But productivity is just one piece of the puzzle — and some startups choose not to measure it altogether.

“At Zilch, we’re on a mission to create the most empowering way to pay on the planet, and to do this we need talented developers that thrive on unique challenges. So, as a rule of thumb, we prefer not to measure developer productivity on the individual level,” Thomas Matecki, chief technology officer of Zilch, tells Sifted. “We find this can have a negative impact on the broader team and create a hostile culture. So as an engineering team, we alternatively use several well-proven techniques and metrics within individual teams to measure and improve the flow of work.”

One of those techniques is working in sprints, or set periods of time where the team tackles a dev problem or product build together. For Zilch, each lasts around two weeks. Sprints can be a key driver as a business reaches hyper-scale, as they keep product work organised and to a schedule — and aim to produce a complete piece of working software at the end. 

Matecki adds that instead of measuring individual dev productivity within a sprint, they review each sprint’s velocity and burndown (or hours of work remaining in the sprint) “to ensure teams are maintaining or improving their output based on their historical performance”. 

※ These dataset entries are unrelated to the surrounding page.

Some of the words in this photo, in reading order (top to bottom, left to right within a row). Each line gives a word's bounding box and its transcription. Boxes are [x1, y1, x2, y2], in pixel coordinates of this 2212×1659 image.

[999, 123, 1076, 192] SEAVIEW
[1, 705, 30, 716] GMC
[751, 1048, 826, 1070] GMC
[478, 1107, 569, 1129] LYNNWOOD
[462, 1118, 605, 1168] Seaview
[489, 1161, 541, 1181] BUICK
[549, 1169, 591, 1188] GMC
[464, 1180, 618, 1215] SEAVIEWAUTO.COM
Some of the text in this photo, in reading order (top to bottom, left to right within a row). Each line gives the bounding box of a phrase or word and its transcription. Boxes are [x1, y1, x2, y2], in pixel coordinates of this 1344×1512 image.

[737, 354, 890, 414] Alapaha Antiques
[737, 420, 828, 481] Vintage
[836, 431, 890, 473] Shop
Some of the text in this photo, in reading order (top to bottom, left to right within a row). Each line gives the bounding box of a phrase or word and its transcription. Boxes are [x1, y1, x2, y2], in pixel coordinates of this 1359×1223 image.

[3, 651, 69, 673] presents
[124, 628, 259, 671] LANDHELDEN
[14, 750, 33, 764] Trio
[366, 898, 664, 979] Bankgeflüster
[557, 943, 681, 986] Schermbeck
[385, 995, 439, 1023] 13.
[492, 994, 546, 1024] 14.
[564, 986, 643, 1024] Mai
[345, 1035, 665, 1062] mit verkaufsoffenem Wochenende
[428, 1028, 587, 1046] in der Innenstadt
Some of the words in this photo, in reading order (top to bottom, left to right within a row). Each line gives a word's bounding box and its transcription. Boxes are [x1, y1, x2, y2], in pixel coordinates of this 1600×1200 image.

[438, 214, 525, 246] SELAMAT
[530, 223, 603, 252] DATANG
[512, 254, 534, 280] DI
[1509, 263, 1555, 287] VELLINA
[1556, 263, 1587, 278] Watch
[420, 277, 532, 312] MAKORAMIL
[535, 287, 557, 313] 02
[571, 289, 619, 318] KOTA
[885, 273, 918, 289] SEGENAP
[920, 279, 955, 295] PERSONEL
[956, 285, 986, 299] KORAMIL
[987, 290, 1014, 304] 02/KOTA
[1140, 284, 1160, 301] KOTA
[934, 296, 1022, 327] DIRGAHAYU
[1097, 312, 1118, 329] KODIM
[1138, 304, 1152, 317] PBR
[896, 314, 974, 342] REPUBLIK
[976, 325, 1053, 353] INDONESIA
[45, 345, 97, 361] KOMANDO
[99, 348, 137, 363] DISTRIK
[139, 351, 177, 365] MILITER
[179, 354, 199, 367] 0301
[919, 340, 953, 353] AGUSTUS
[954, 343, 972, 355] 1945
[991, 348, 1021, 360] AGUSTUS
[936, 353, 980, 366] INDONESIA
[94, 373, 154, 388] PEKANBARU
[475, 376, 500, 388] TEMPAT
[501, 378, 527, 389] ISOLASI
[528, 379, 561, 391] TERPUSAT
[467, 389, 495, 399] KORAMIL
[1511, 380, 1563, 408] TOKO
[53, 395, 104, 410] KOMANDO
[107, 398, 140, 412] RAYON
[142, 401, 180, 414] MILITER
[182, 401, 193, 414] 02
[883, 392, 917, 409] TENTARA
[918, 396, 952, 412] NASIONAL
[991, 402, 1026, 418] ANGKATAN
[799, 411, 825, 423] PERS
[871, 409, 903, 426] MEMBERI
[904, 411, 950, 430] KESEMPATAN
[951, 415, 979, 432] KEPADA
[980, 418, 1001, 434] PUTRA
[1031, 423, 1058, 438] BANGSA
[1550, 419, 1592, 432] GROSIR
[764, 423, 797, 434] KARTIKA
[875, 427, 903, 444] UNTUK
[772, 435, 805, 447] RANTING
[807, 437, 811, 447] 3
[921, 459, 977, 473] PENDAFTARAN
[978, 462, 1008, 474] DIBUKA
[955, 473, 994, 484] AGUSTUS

As a rule of thumb, we prefer not to measure developer productivity on the individual level

“This is not solely to measure performance, but to also identify if there are any issues or concerns which need to be remediated,” he says. “An example of this could be an uneven flow of sprints, which can indicate that teams have too few or too many items in the backlog.”

Sprints also allow for a level of transparency within teams, as “daily standup” meetings discussing work completed and the current day’s plans keep the sprint moving, and allow the team to address any issues.

Communication is key

Communication has always been a challenge for dev teams where work tends to be largely independent — and hyper-scaling companies that see teams rapidly expanding often cite communication breakdown as one of their biggest issues. And that’s not to mention the challenges of remote work.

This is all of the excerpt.